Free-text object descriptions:
══════════

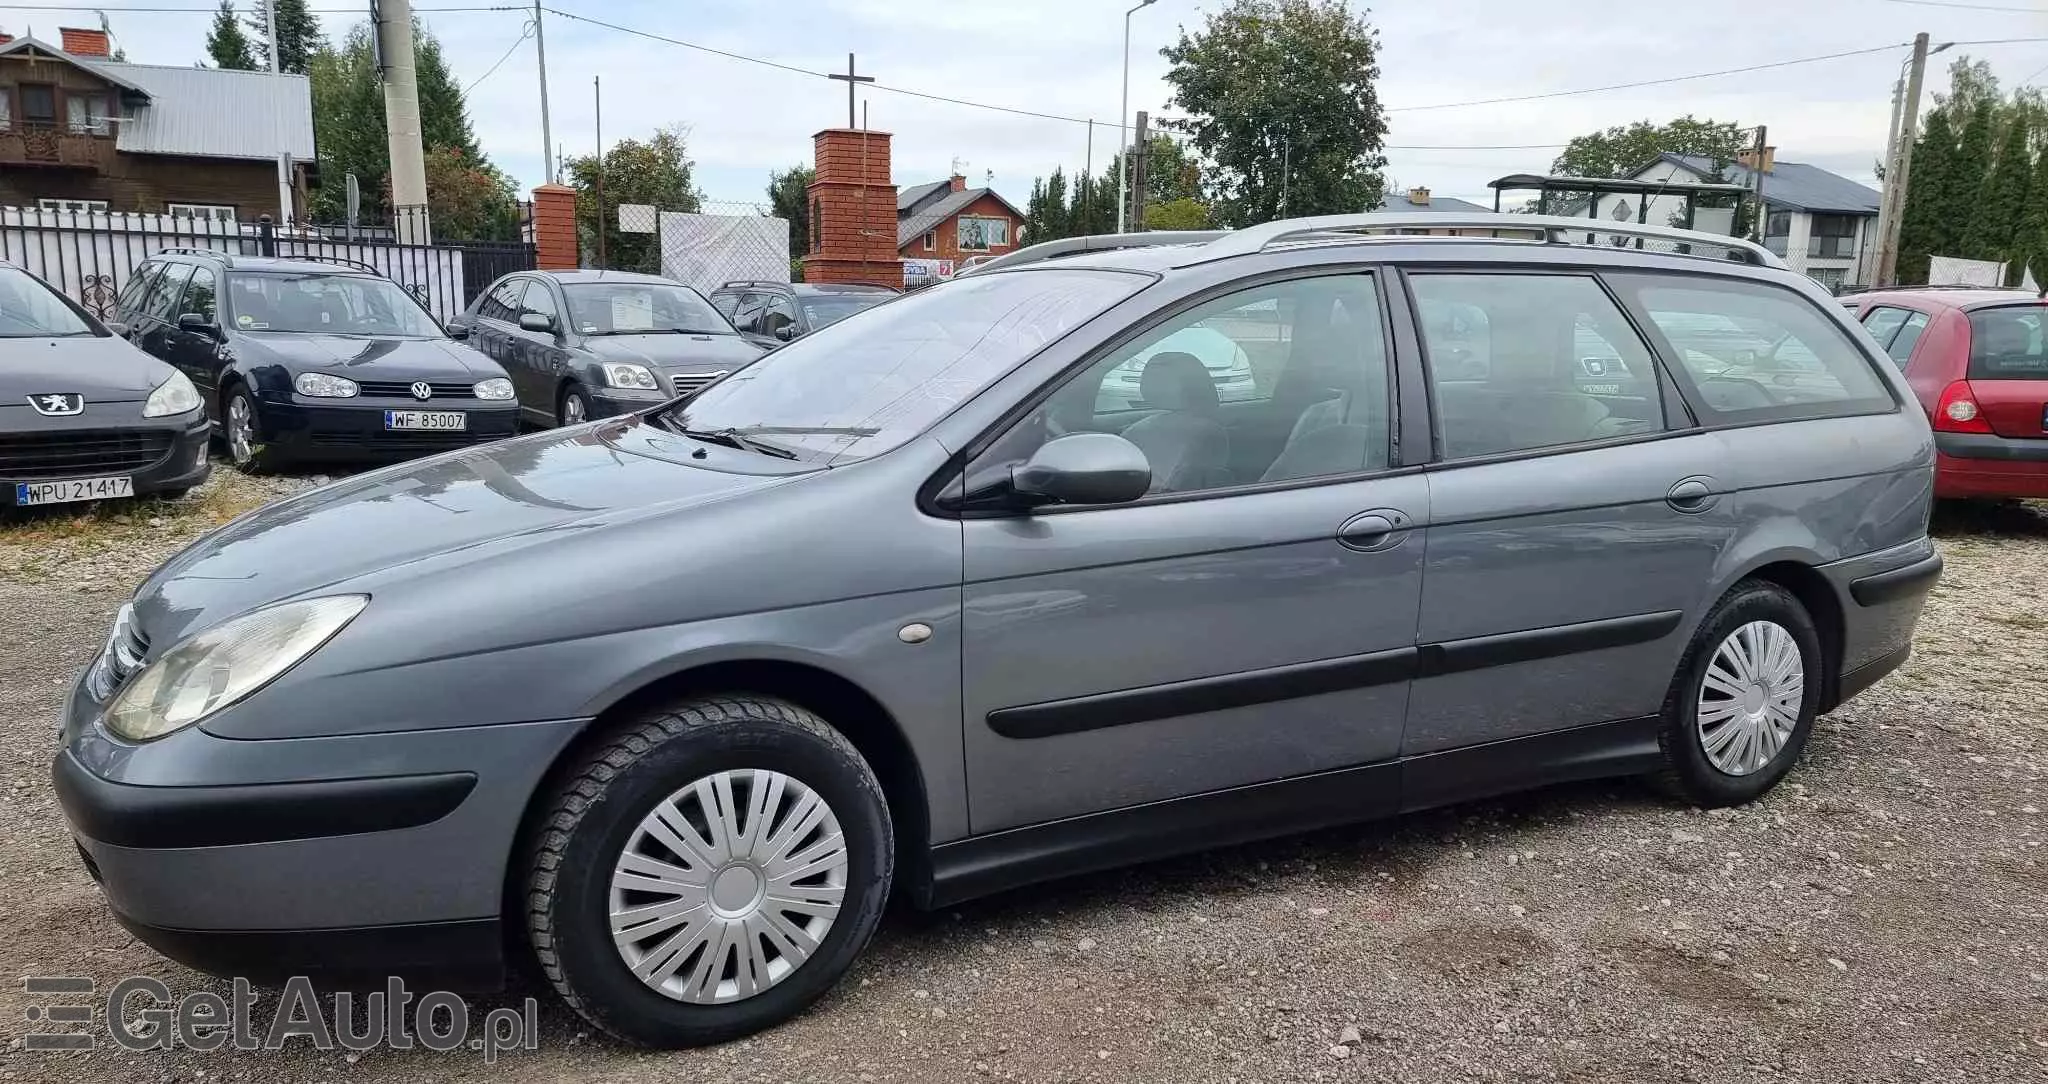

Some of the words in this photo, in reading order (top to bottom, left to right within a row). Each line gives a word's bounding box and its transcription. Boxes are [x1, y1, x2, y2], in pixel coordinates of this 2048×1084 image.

[394, 413, 415, 427] WF
[421, 414, 463, 428] 85007
[28, 484, 66, 503] WPU
[73, 478, 129, 499] 21417
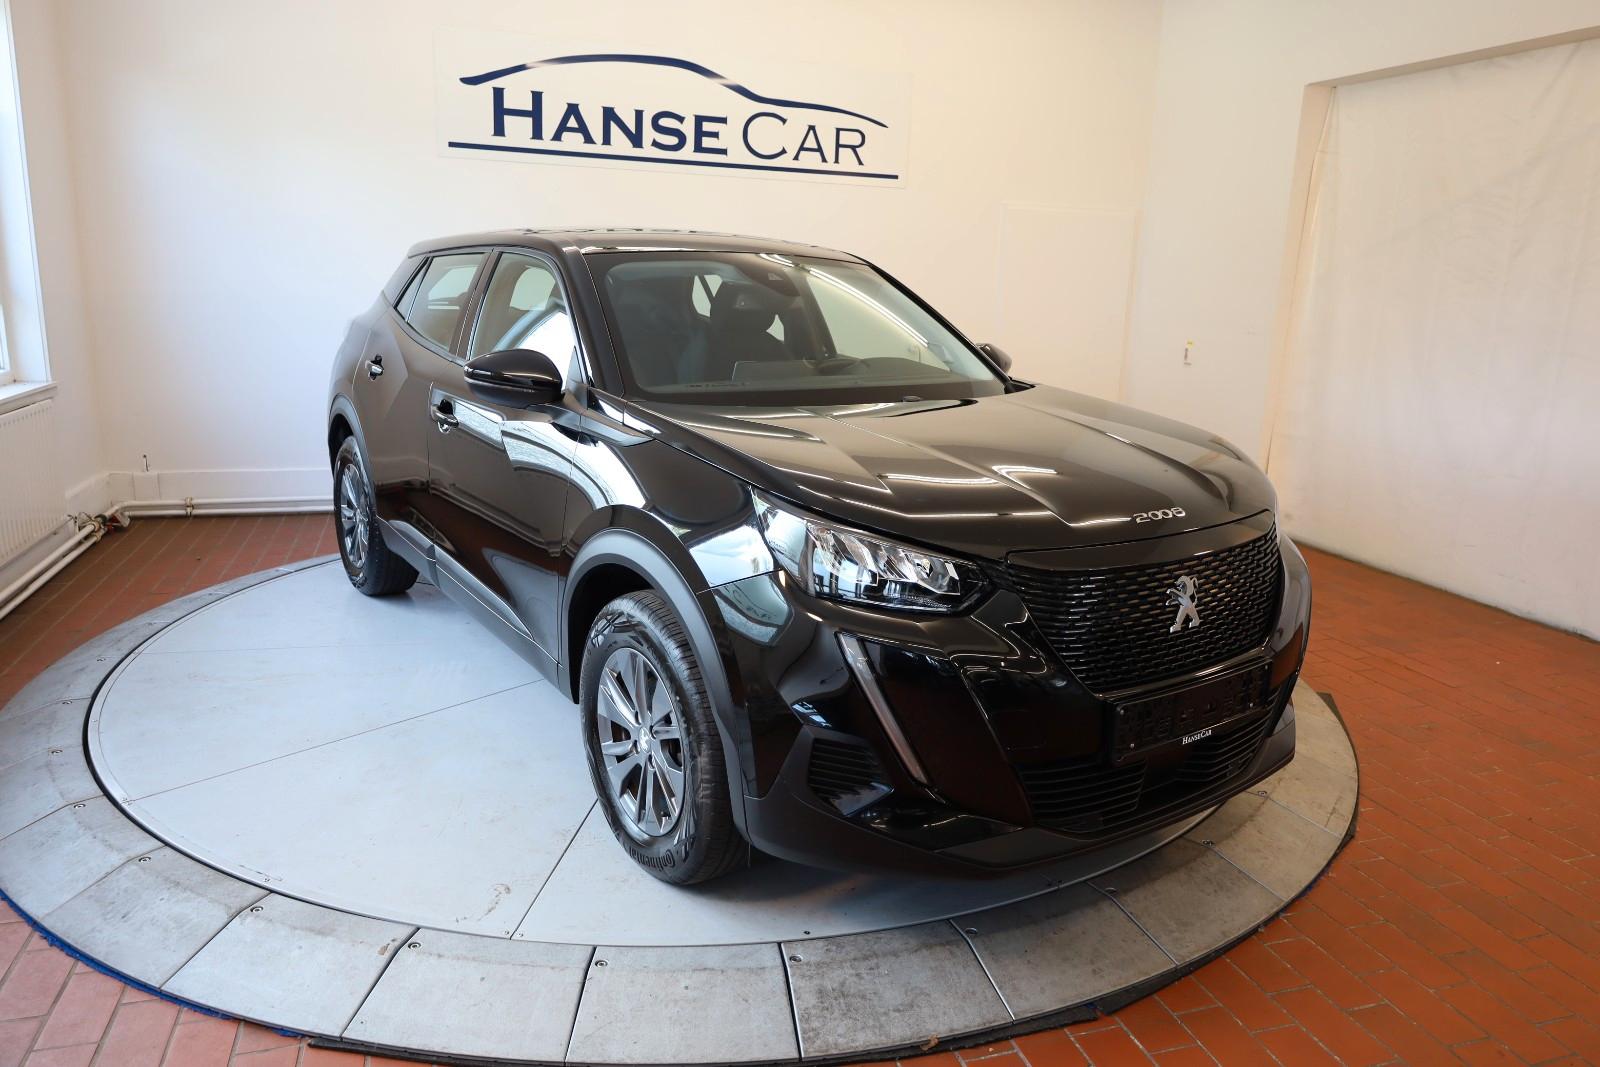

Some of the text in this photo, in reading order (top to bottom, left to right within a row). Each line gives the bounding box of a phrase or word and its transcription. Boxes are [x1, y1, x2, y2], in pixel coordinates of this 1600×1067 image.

[492, 87, 867, 166] HANSE CAR
[1133, 507, 1186, 524] 2008

══════════

- _Required work_
Should the entries hold any pictures, please omit those and print the remaining text exactly.

- _Solution_
Some of the words in this photo, in reading order (top to bottom, left to right within a row). Each line gives a word's bounding box and its transcription. Boxes are [x1, y1, x2, y2], in pixel coordinates of this 2048×1084 image.

[394, 413, 415, 427] WF
[421, 414, 463, 428] 85007
[28, 484, 66, 503] WPU
[73, 478, 129, 499] 21417

Some of the text in this photo, in reading order (top to bottom, left to right within a row). Each line gives the bounding box of a phrase or word and its transcription. Boxes are [x1, y1, x2, y2], in pixel coordinates of this 1600×1067 image.

[492, 87, 867, 166] HANSE CAR
[1133, 507, 1186, 524] 2008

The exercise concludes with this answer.